19 May 2021

Olympic swimmer forced to share lanes with public

5:25 am on 19 May 2021

A lack of pools in Wellington has forced Olympic hopeful Lewis Clareburt to train in public lanes in his buildup to the Tokyo Games.

Lewis Clareburt, Wellington and New Zealand swimmer.

Lewis Clareburt Photo: PHOTOSPORT

With one of the pools in the region out of action the council is struggling to accommodate all those wanting to use the remaining facilities.

That includes Clareburt who has been forced to have some of his sessions in lanes with the public.

The 21 year old won a bronze medal in the 400 medley at the 2019 World Championships and after taking two seconds off his own national record at the National Championships last month has shot into Olympic medal contention.

Clareburt is currently in a big aerobic phase of his training doing lots of lengths to build up stamina.

However that has been far from ideal with his camp receiving an e-mail from the Wellington City Council saying that five of his sessions over the next couple of weeks have been cancelled because they can't get in the pool.

"This is probably going to be the hardest preparation for the Olympics purely for the fact that we're struggling to get pool time," says Clareburt.

"It sucks because we're trying to build up to the pinnacle event of the year and we can't even get proper pool time."

Clareburt says the council has been able to make some alternate arrangements for them, but it's not always possible.

He's part of the Capital Swim Club and does most of his training at the Freyberg Pool, but does also train at the Wellington Regional Aquatic Centre in Kilbirnie.

He says Kilbirnie has so many events on that it's extremely difficult to get lanes there.

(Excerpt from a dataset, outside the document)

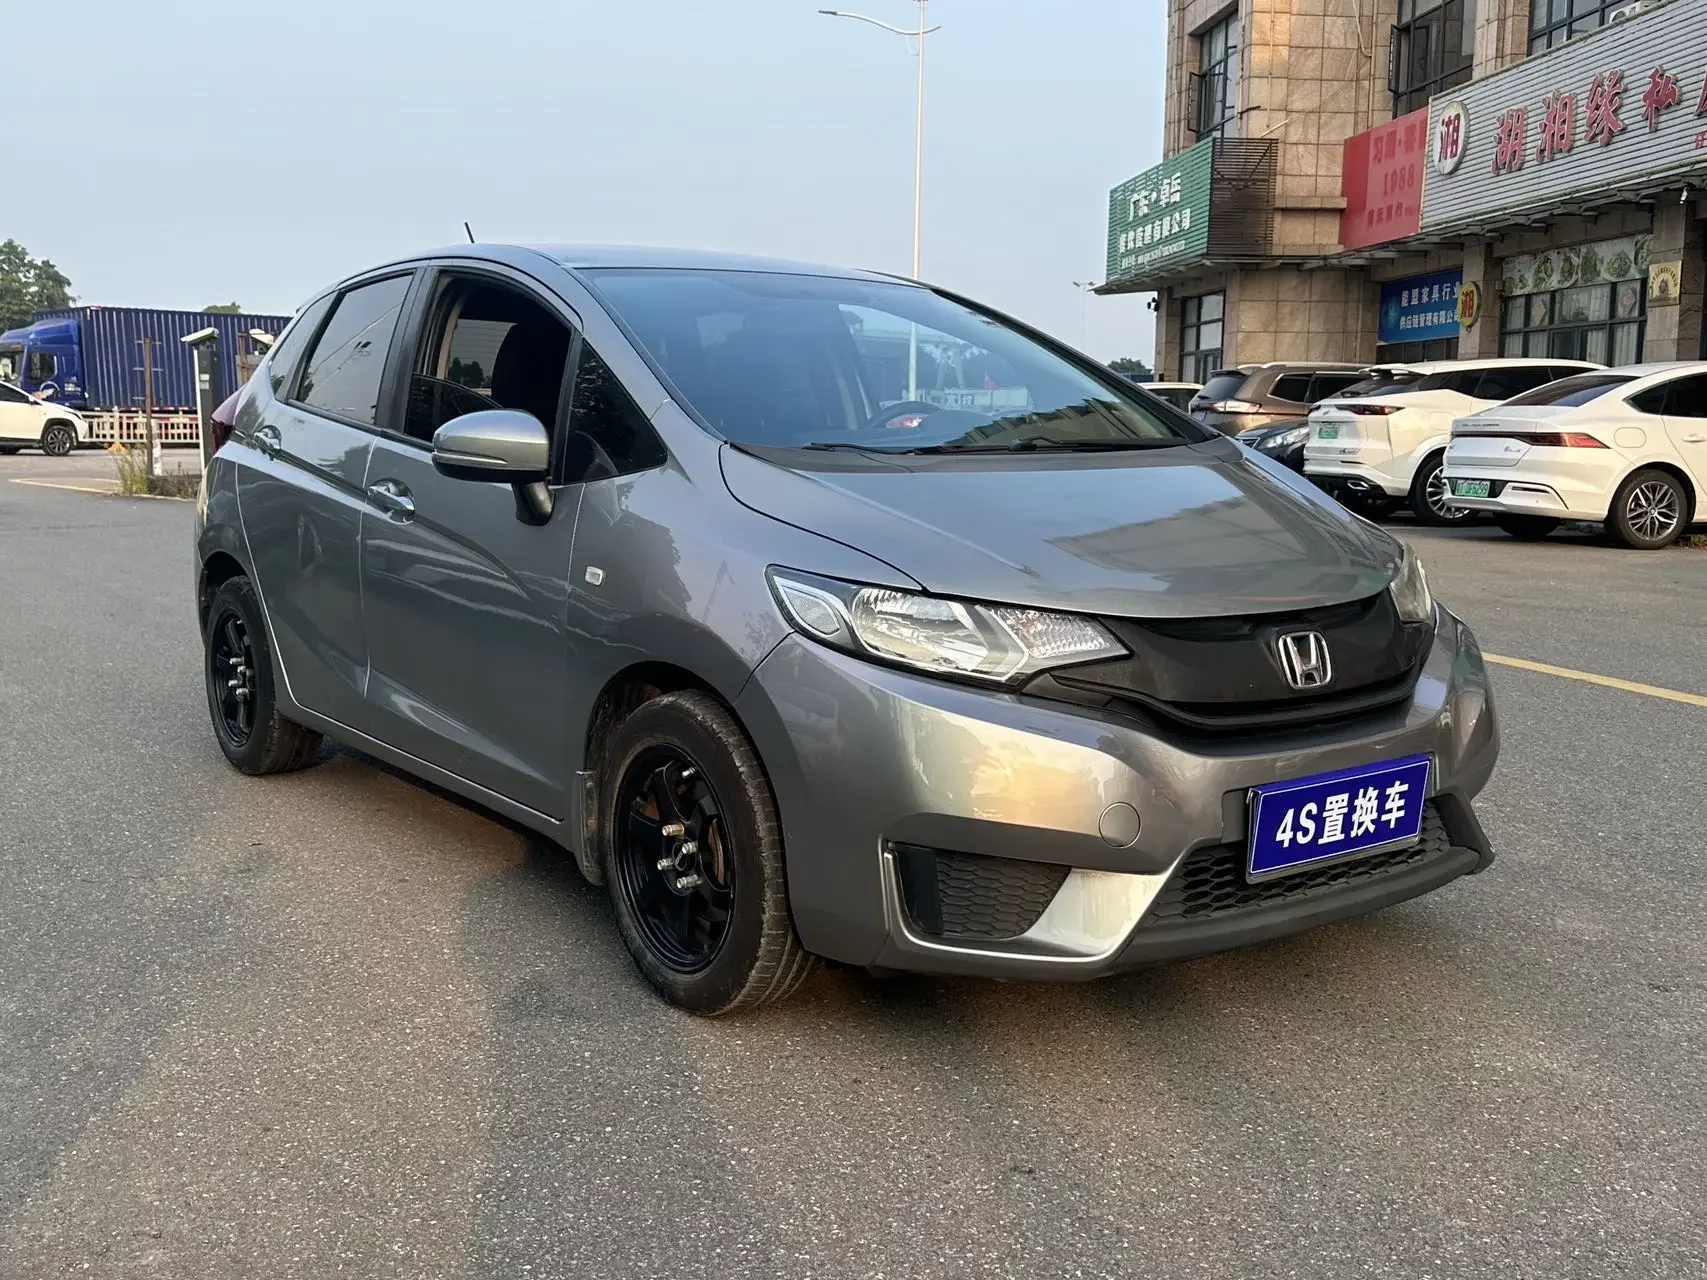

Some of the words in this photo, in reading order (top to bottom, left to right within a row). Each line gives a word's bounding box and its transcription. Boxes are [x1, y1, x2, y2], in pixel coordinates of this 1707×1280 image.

[1438, 112, 1461, 163] 湘
[1491, 68, 1707, 176] 湖湘缘私
[1383, 163, 1415, 197] 1988
[1275, 780, 1409, 848] 4S置换车

New Zealand swimmer Lewis Clareburt.

Lewis Clareburt Photo: PHOTOSPORT

Clareburt says the situation isn't ideal for him or the public.

"We look like we're going quite slow and so people will jump into the lane and the biggest thing is that I'm going quite fast and so it's actually quite dangerous for a member of the public to be in the lane."

"If I hit someone's arm or something (that person) is probably going to come off worse than me."

Clareburt says he can generally put up with it because it's only a small percentage of his 10 pool sessions a week that are affected, however it could be better.

"If you're trying to be the best in the world, like I am, you want to make sure you're consistently having every single training with the best resources and when you can't do that it sucks as it's something you can't control."

Clareburt's time at last month's nationals ranks him number two in the world this year behind Daiya Seto of Japan and he could become New Zealand's first Olympic medalist since Danyon Loader in 1996.

He has also qualified for the 200 medley.

New Zealand has five swimmers qualified for the Olympics with the team to be confirmed next month.